He returned to the here-and-now, and saw Rojas’ quizzical look. He saw no pressing need to enlighten her.
“Well,” he sighed, standing up, “I’ll take your concerns under advisement. But unless you can give me any specific, concrete reasons to doubt Dr. Frey’s loyalty—and so far you haven’t—I’m inclined to give her the benefit of the doubt. And, as I mentioned before, she’s my responsibility in my capacity as ranking representative of the Temporal Regulatory Authority.”
Rojas also rose to her feet. Her eyes squarely met his—she was very nearly his height—and while they held no overt hostility they were equally devoid of any flexibility. “I must beg to differ, Commander. I remind you that this is an IDRF investigation, of which I am in charge. All of its personnel are my responsibility. And it is my duty to be suspicious. I am disinclined to give anyone the benefit of the doubt.”
Jason met her eyes for a perceptible instant, then relaxed into the insouciance he had always found to be the best way of irritating Rutherford. “Well, then, Major, I suppose Dr. Frey will just have to rely on your objectivity and fair-mindedness, which of course will prevent your judgment from being clouded by either preconceptions or personal animosity.”

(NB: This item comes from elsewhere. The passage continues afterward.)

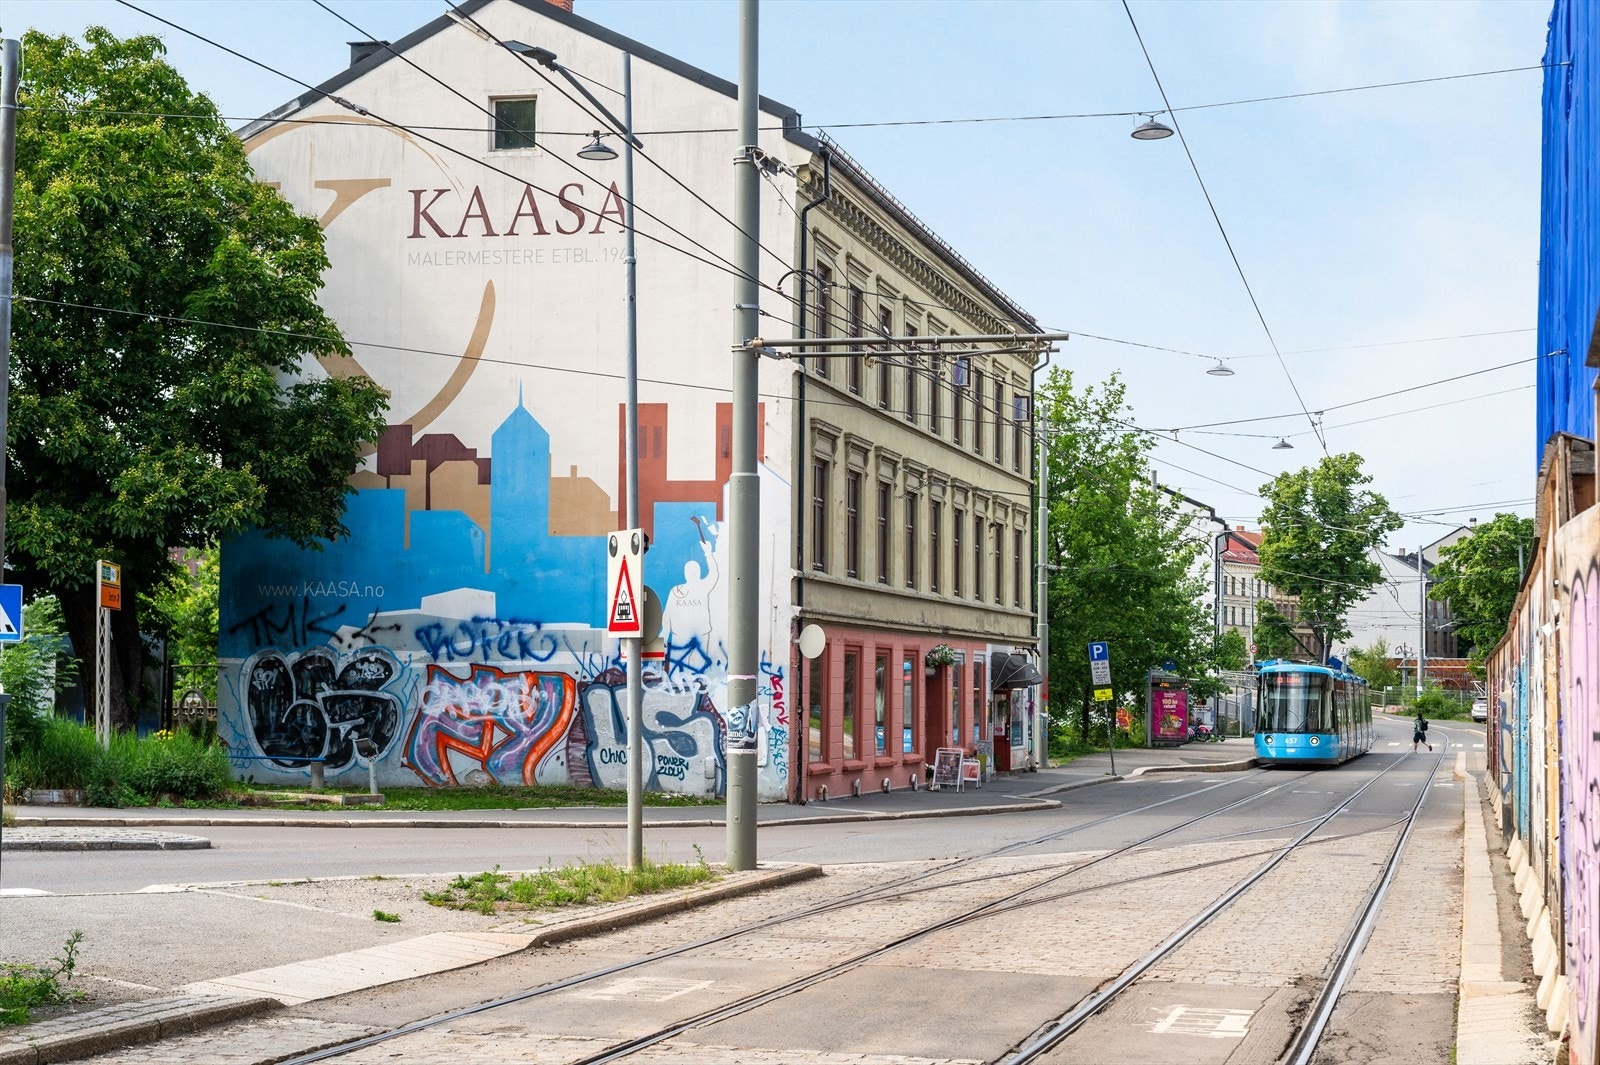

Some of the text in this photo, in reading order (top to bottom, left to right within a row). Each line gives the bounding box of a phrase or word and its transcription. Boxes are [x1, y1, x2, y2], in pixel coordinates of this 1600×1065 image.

Rojas, unable to come up with an acceptable response to that beyond a muttered echo of Jason’s “Of course,” tossed off her Scotch and stalked from the lounge.
Thus matters stood when a Sol-like G0v star in the constellation of Serpens waxed in the forward viewports until it passed the ill-defined dividing line between “star” and “sun,” and the Comet ’s drive field switched off as they passed the Secondary Limit of the Zirankhu system.
CHAPTER SIX
Strictly speaking, the star’s astronomical designation was HC-4 9701 III, but of course no one ever called it that. And the system had a ready-made name, courtesy of its inhabitants, for it was home to that great rarity, a nonhuman civilization.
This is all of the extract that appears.